One of the great comedy schools/troops in LA is the Groundlings. We have friends in the group, and a few of us visited one of their shows last year and caught the following sketch which just fit our site TOO perfectly to be a… well, you know…

httpv://www.youtube.com/watch?v=LMIbtJcQtqs

This sketch actually touches perfectly on what we run into when we look at a fun set of coincidences, or synchronicity, and start overanalyzing it. How far do you have to stretch to find the similarities, and at what point do you cut them off? One of the characters is straight, one gay, and something tells me Julian is ambidextrous*, so for the characters that seemed like a natural point to draw the line. But they could have drawn it sooner if they wanted to be much more technical. I mean, sure, they all had iPhones, but were they all iPhone 4s? Julia’s appeared to be white on the back, and as any self-respecting geek knows, the iPhone 4 wasn’t released in white until this year, branding Julia as a witch who must be burned at the stake an outlier from the pattern they were searching for much earlier than the moment their love lives came into play.

Simply enough, craziness like this happens all the time when we’re looking for it, and is easy to tear apart when we want to. The real trick is in finding the fun in it no matter what, and not letting it color your view of the world or the people around you.
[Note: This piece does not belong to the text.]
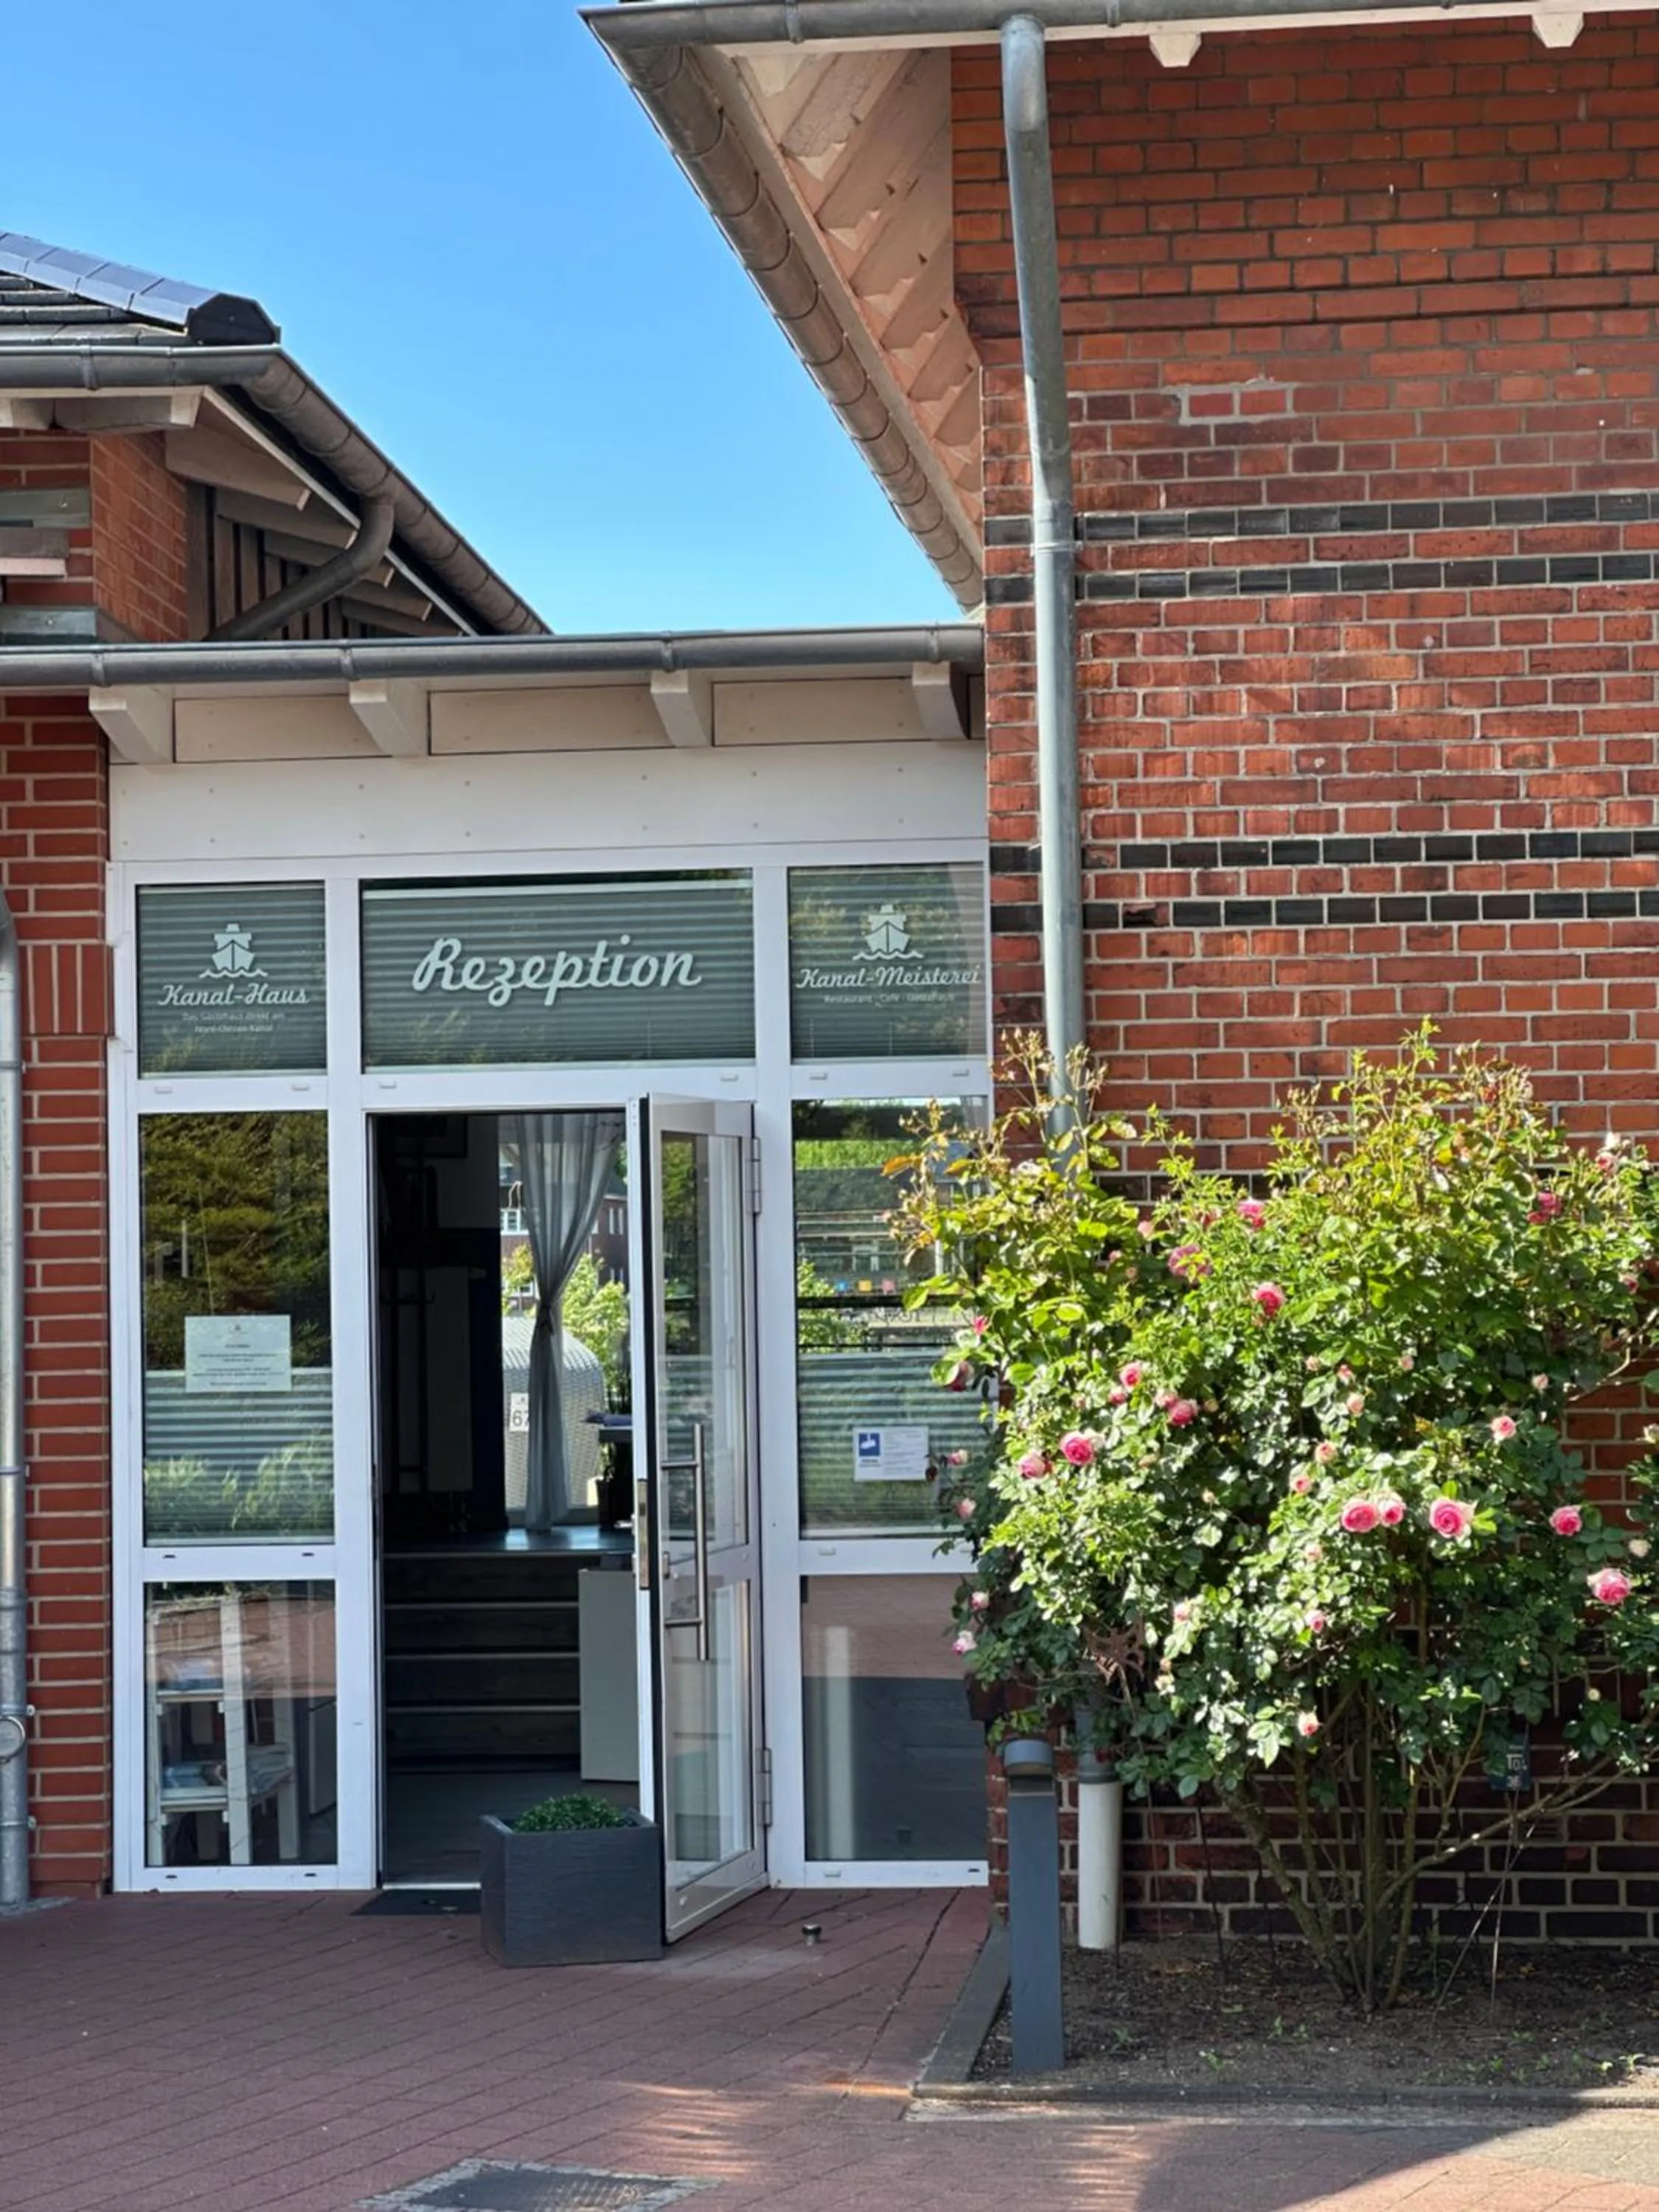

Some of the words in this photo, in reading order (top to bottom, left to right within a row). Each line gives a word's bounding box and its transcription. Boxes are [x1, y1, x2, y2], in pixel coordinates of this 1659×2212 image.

You see it when people who have the same religion analyze their same book differently, or two members of the same political party can ascribe to completely different ideals. In the real world these tiny lines drawn in the sand over what point we consider incredibly similar people to be outsiders can lead to massive issues. But personally, I’m going to stick to my world, where these lines lead to sketch comedy, laughs, and racial stereotyping that’s funny because we’re not racist. We swear.

*Yes, that was a joke. Obviously I meant bilateral.